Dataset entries

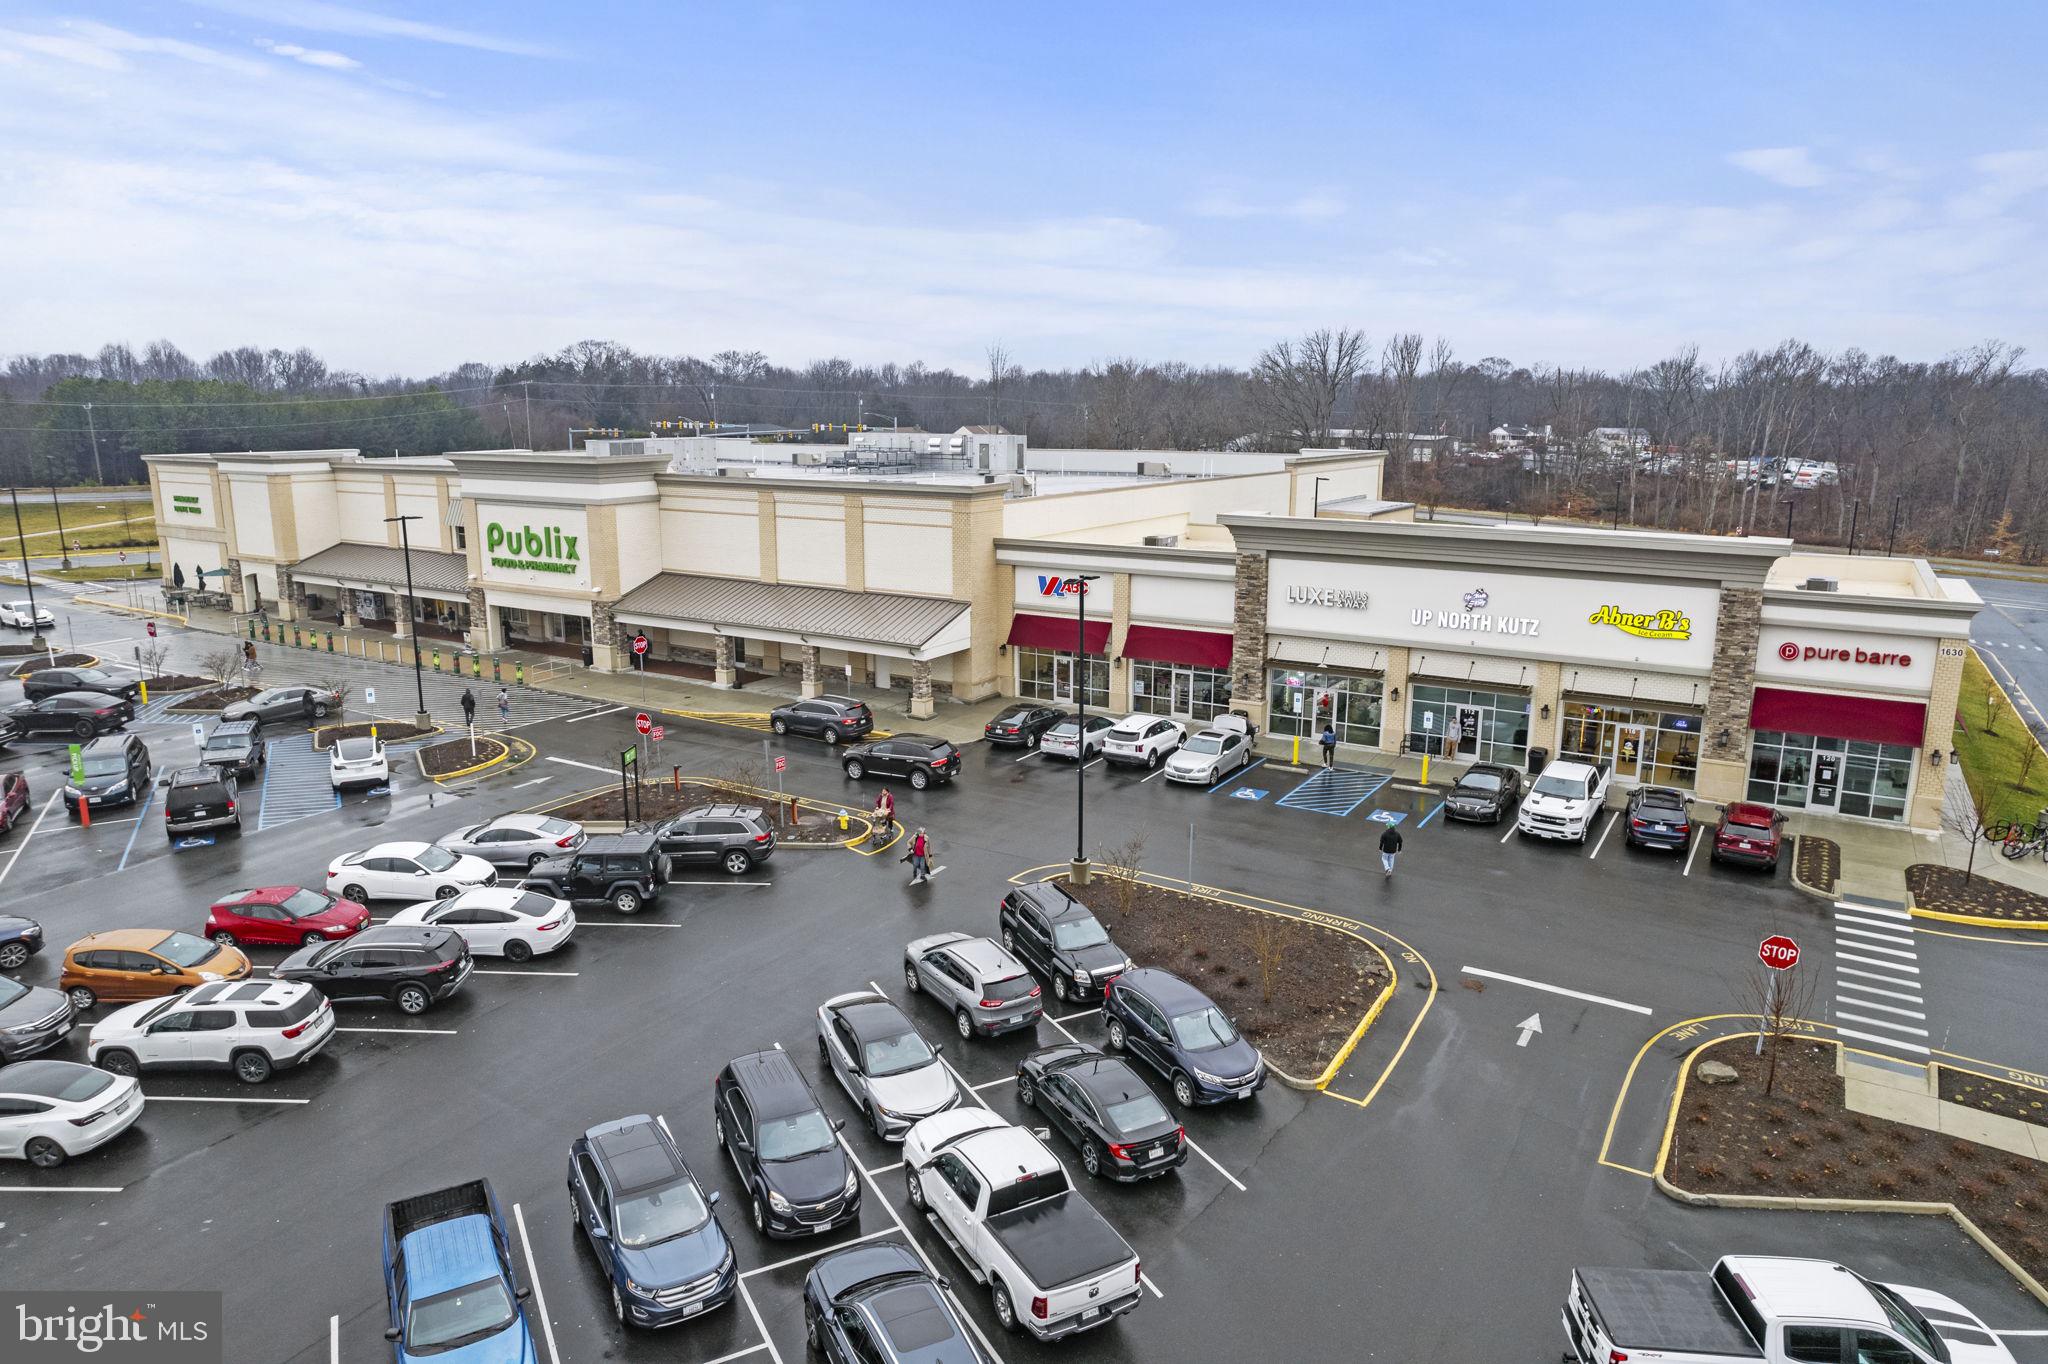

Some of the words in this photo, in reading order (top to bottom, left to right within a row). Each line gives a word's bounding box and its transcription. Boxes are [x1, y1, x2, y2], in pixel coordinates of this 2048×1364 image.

[487, 522, 580, 561] Publix
[491, 557, 517, 569] FOOD
[1286, 585, 1335, 607] LUXE
[1337, 590, 1368, 600] NAILS
[1411, 608, 1433, 626] UP
[1437, 611, 1492, 632] NORTH
[1497, 616, 1540, 637] KUTZ
[1589, 605, 1655, 629] Abner
[1656, 609, 1690, 631] B's
[1638, 629, 1648, 637] Ice
[1649, 630, 1673, 638] Cream
[634, 640, 647, 650] STOP
[1804, 646, 1850, 661] pure
[1855, 647, 1912, 667] barre
[1941, 648, 1963, 657] 1630
[637, 719, 651, 729] STOP
[1190, 885, 1220, 897] FIRE
[1301, 911, 1360, 931] PARKING
[1401, 952, 1421, 964] NO
[1762, 944, 1797, 961] STOP
[1668, 1022, 1709, 1041] LANE

Task description
Would it be possible to print the records above verbatim, pictures omitted?

Answer area
Some of the words in this photo, in reading order (top to bottom, left to right within a row). Each line gives a word's bounding box and its transcription. Boxes are [x1, y1, x2, y2], in pixel coordinates of this 2048×1364 image.

[487, 522, 580, 561] Publix
[491, 557, 517, 569] FOOD
[1286, 585, 1335, 607] LUXE
[1337, 590, 1368, 600] NAILS
[1411, 608, 1433, 626] UP
[1437, 611, 1492, 632] NORTH
[1497, 616, 1540, 637] KUTZ
[1589, 605, 1655, 629] Abner
[1656, 609, 1690, 631] B's
[1638, 629, 1648, 637] Ice
[1649, 630, 1673, 638] Cream
[634, 640, 647, 650] STOP
[1804, 646, 1850, 661] pure
[1855, 647, 1912, 667] barre
[1941, 648, 1963, 657] 1630
[637, 719, 651, 729] STOP
[1190, 885, 1220, 897] FIRE
[1301, 911, 1360, 931] PARKING
[1401, 952, 1421, 964] NO
[1762, 944, 1797, 961] STOP
[1668, 1022, 1709, 1041] LANE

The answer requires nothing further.